Fig. 1: Knockout of B7-H3 reduces clonogenic growth and tumorigenic signaling in gynecological cancer cells.

a 2000 HeLa wildtype (Clone 20) or CD276 knockout cells (Clone 6) were seeded and allowed to grow for 10 days, changing the media every 72 h. b HeLa CD276^-/- cells (Clone 6) engineered to re-express 4Ig-B7-H3 (LV B7-H3) or a negative vector control (LV Neg) were used to perform a clonogenic assay as described above. 2,000 cells were seeded and allowed to grow for 10 days, changing the media every 72 h. c 2,000 SKOv3-ip-FLuc wildtype (Clone 22) or CD276 knockout cells (Clone 11) were seeded and allowed to grow for 10 days, changing the media every 72 h. a-c Clonogenic growth was quantified using ImageJ and represented in the bar graph (mean ± SD).

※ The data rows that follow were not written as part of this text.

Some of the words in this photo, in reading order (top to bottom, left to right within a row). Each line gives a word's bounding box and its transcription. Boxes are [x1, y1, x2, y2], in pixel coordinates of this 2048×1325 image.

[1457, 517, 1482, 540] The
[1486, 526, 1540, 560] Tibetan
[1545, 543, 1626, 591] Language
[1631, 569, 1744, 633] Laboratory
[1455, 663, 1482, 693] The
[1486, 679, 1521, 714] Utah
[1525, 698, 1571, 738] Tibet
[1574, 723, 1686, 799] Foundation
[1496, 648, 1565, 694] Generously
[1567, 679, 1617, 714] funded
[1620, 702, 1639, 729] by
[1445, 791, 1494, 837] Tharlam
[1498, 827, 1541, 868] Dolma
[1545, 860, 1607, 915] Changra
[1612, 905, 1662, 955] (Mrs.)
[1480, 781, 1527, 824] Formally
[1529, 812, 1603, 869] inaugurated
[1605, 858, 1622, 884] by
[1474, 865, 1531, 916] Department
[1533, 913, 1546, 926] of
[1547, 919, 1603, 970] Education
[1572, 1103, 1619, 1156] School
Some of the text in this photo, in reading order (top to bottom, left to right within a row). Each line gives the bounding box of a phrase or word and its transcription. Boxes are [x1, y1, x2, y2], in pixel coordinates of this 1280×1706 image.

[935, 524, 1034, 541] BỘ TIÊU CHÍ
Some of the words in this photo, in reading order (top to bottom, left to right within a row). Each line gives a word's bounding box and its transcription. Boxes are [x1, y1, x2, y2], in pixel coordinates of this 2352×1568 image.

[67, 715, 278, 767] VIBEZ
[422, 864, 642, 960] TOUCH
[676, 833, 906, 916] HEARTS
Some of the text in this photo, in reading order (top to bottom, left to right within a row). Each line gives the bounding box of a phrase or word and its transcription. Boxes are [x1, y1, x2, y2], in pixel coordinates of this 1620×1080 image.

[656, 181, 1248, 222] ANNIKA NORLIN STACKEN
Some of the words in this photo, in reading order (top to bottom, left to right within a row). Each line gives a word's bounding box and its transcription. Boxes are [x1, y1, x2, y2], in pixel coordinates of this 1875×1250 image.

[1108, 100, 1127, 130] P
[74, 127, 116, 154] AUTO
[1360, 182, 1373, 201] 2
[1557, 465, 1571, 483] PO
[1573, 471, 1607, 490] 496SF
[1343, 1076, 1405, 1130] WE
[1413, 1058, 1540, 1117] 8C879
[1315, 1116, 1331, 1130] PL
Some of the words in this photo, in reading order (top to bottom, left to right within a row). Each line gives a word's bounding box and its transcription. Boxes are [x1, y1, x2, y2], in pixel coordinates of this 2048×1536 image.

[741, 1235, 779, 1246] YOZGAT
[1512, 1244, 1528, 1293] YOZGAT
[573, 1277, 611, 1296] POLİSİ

The experiment was performed in technical triplicate with three biological replicates, ***p < 0.001 as determined by Student’s two-tailed t-test. d Reverse phase protein lysate array analysis and heat map visualization of the median normalized expression of each protein with and without 4Ig-B7-H3 expression for SKOv3-ip and HeLa cell lines. e Difference (KO-WT) in normalized protein expression for a subset of concordant proteins between SKOv3-ip and HeLa cell lines. f. X-Y plot of -Log(P values) and number of genes identified in each GO Term enrichment analysis with key pathway enrichment annotated.